[Opening Source material section]

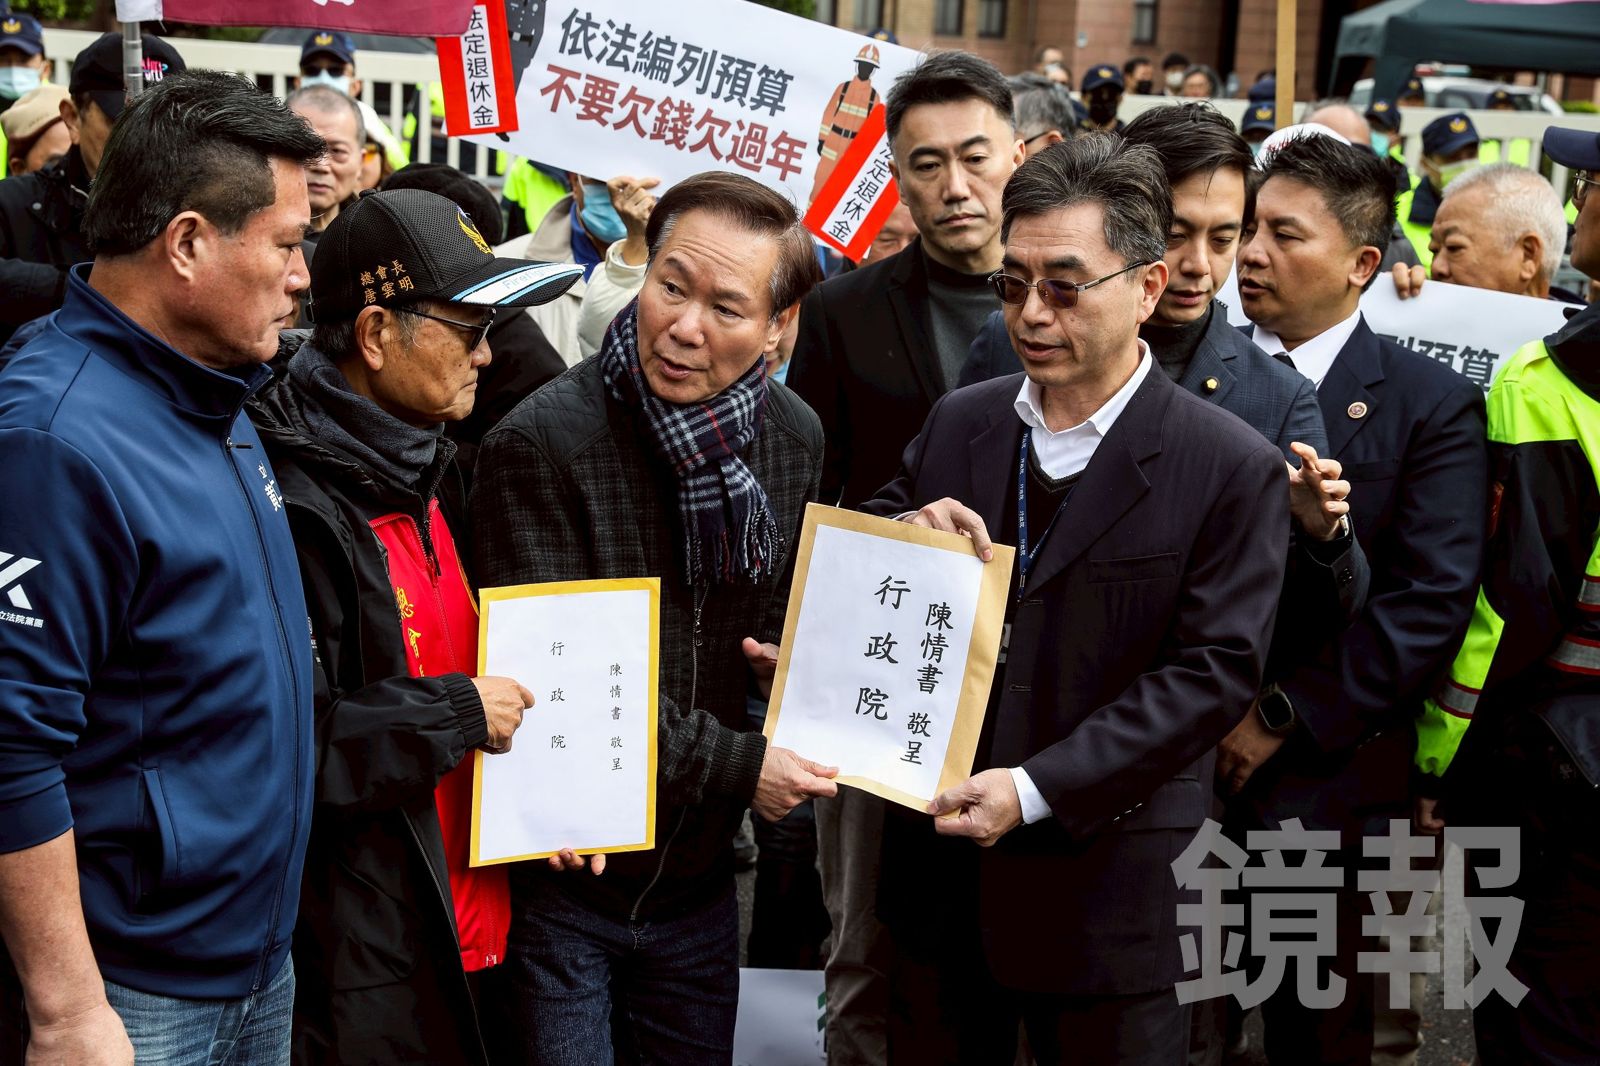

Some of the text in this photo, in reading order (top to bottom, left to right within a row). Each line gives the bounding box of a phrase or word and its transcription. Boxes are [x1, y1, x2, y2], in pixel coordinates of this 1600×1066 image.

[558, 8, 794, 117] 依法編列預算
[540, 63, 807, 181] 不要欠錢欠過年
[550, 641, 566, 749] 行政院
[855, 575, 912, 721] 行政院
[900, 601, 954, 765] 陳情書 敬呈
[610, 662, 623, 771] 陳情書 敬呈
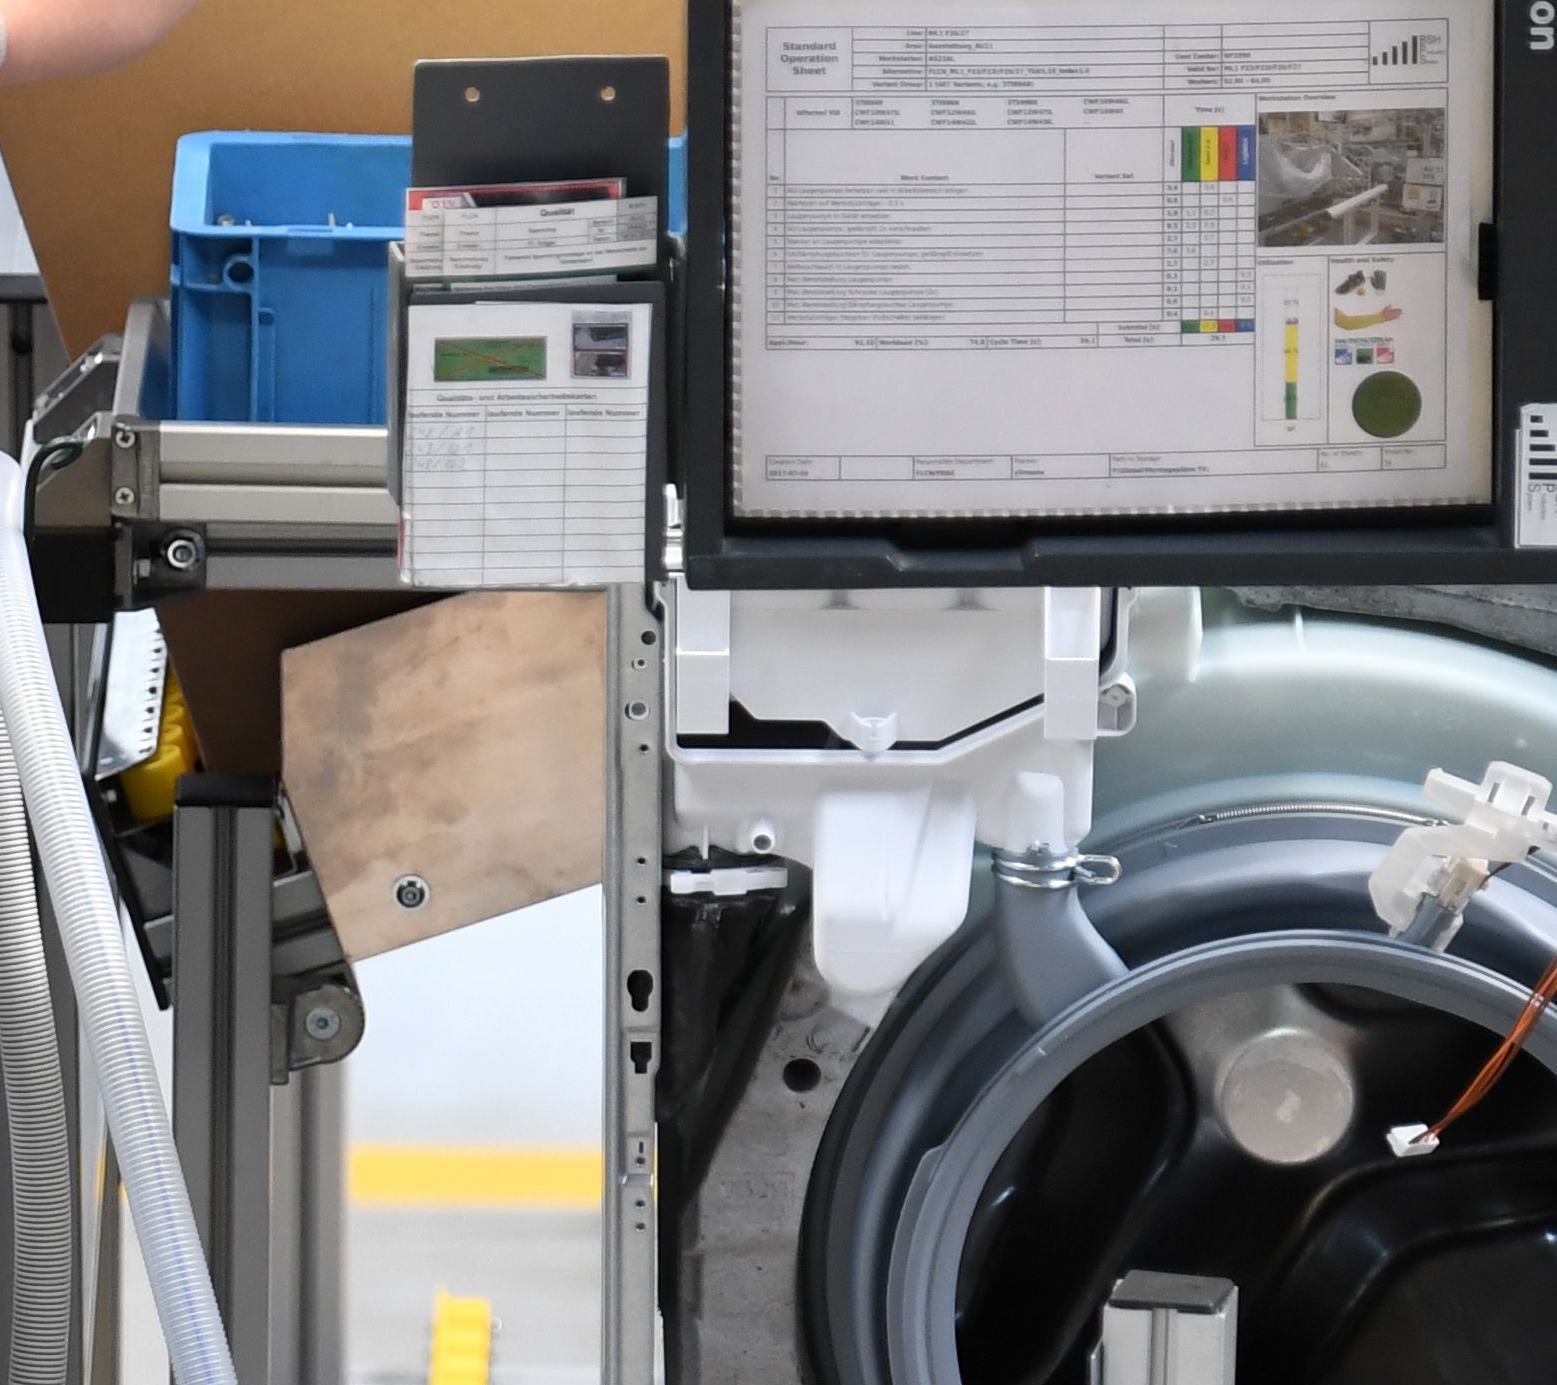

[Closing Source material section]

Problem requirements: Exactly as written, set down each line of the records, leaving out the pictures.

Task output:
Some of the text in this photo, in reading order (top to bottom, left to right within a row). Each line gives the bounding box of a phrase or word and its transcription. Boxes are [x1, y1, x2, y2], in pixel coordinates of this 1600×1066 image.

[558, 8, 794, 117] 依法編列預算
[540, 63, 807, 181] 不要欠錢欠過年
[550, 641, 566, 749] 行政院
[855, 575, 912, 721] 行政院
[900, 601, 954, 765] 陳情書 敬呈
[610, 662, 623, 771] 陳情書 敬呈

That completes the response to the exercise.